Will you transcribe all the entries word for word, skipping the pictures they hold?

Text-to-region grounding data
*** Block opens ***

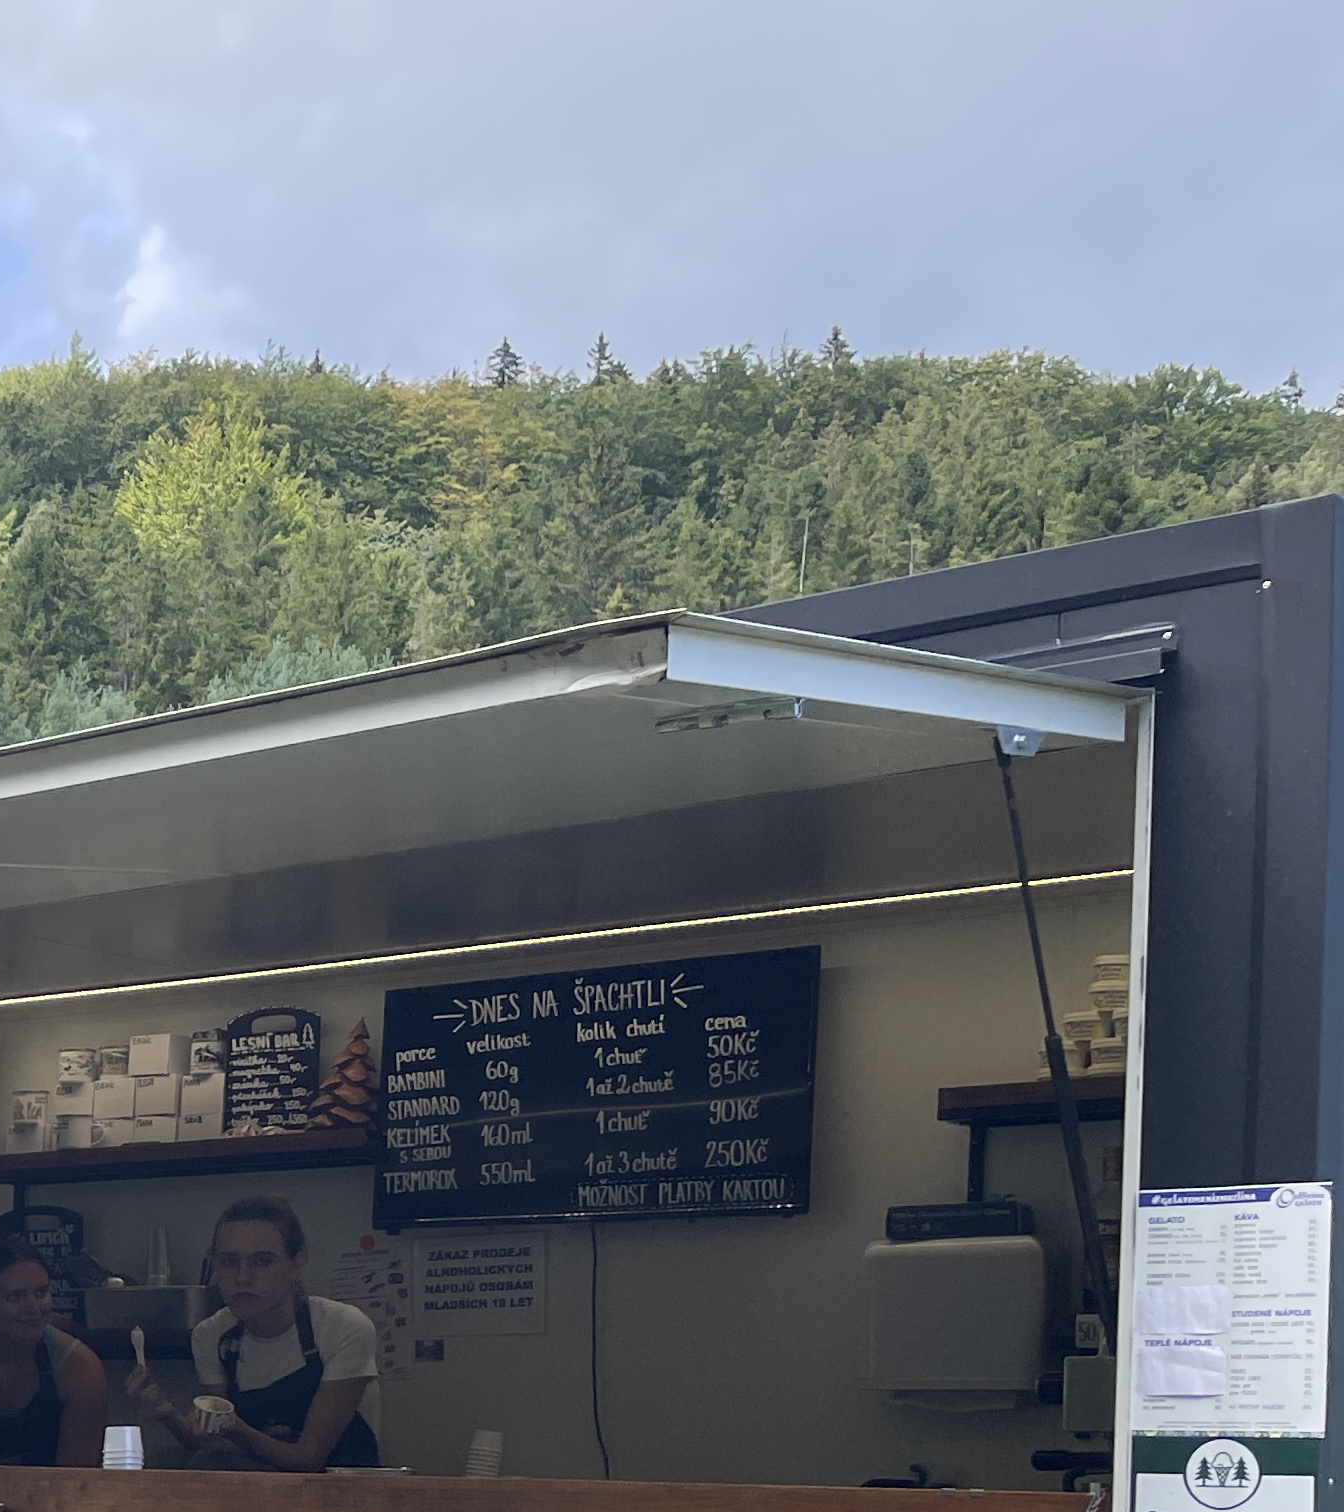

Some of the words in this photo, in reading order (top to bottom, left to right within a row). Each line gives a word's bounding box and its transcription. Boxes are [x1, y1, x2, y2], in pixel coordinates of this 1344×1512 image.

[468, 993, 520, 1027] DNES
[533, 990, 559, 1018] NA
[573, 978, 666, 1016] ŠPACHTLI
[274, 1033, 300, 1048] BAR
[395, 1046, 437, 1071] porce
[466, 1032, 531, 1056] velikost
[576, 1021, 617, 1043] kolik
[626, 1014, 666, 1038] chutí
[704, 1014, 747, 1032] cena
[387, 1069, 446, 1094] BAMBINI
[485, 1060, 519, 1084] 60g
[706, 1029, 760, 1059] 50Kč
[387, 1095, 460, 1121] STANDARD
[479, 1089, 520, 1116] 120g
[708, 1060, 760, 1088] 85Kč
[386, 1120, 451, 1149] KELÍMEK
[480, 1122, 534, 1148] 160ml
[709, 1096, 761, 1125] 90Kč
[399, 1150, 409, 1164] S
[412, 1145, 452, 1162] SEBOU
[479, 1159, 536, 1187] 550ml
[704, 1138, 771, 1169] 250Kč
[577, 1179, 649, 1207] MOŽNOST
[658, 1180, 713, 1204] PLATBY
[722, 1178, 785, 1202] KARTOU
[1148, 1216, 1185, 1225] GELATO
[1234, 1213, 1260, 1222] KÁVA
[473, 1246, 531, 1259] PRODEJE
[509, 1297, 534, 1307] LET
[1231, 1309, 1272, 1318] STUDENÉ
[1274, 1308, 1312, 1317] NÁPOJE
[1144, 1338, 1170, 1347] TEPLÉ
[1174, 1338, 1212, 1347] NÁPOJE

*** Block closes ***

**WRITTEN REPLY**
Some of the words in this photo, in reading order (top to bottom, left to right within a row). Each line gives a word's bounding box and its transcription. Boxes are [x1, y1, x2, y2], in pixel coordinates of this 1344×1512 image.

[468, 993, 520, 1027] DNES
[533, 990, 559, 1018] NA
[573, 978, 666, 1016] ŠPACHTLI
[274, 1033, 300, 1048] BAR
[395, 1046, 437, 1071] porce
[466, 1032, 531, 1056] velikost
[576, 1021, 617, 1043] kolik
[626, 1014, 666, 1038] chutí
[704, 1014, 747, 1032] cena
[387, 1069, 446, 1094] BAMBINI
[485, 1060, 519, 1084] 60g
[706, 1029, 760, 1059] 50Kč
[387, 1095, 460, 1121] STANDARD
[479, 1089, 520, 1116] 120g
[708, 1060, 760, 1088] 85Kč
[386, 1120, 451, 1149] KELÍMEK
[480, 1122, 534, 1148] 160ml
[709, 1096, 761, 1125] 90Kč
[399, 1150, 409, 1164] S
[412, 1145, 452, 1162] SEBOU
[479, 1159, 536, 1187] 550ml
[704, 1138, 771, 1169] 250Kč
[577, 1179, 649, 1207] MOŽNOST
[658, 1180, 713, 1204] PLATBY
[722, 1178, 785, 1202] KARTOU
[1148, 1216, 1185, 1225] GELATO
[1234, 1213, 1260, 1222] KÁVA
[473, 1246, 531, 1259] PRODEJE
[509, 1297, 534, 1307] LET
[1231, 1309, 1272, 1318] STUDENÉ
[1274, 1308, 1312, 1317] NÁPOJE
[1144, 1338, 1170, 1347] TEPLÉ
[1174, 1338, 1212, 1347] NÁPOJE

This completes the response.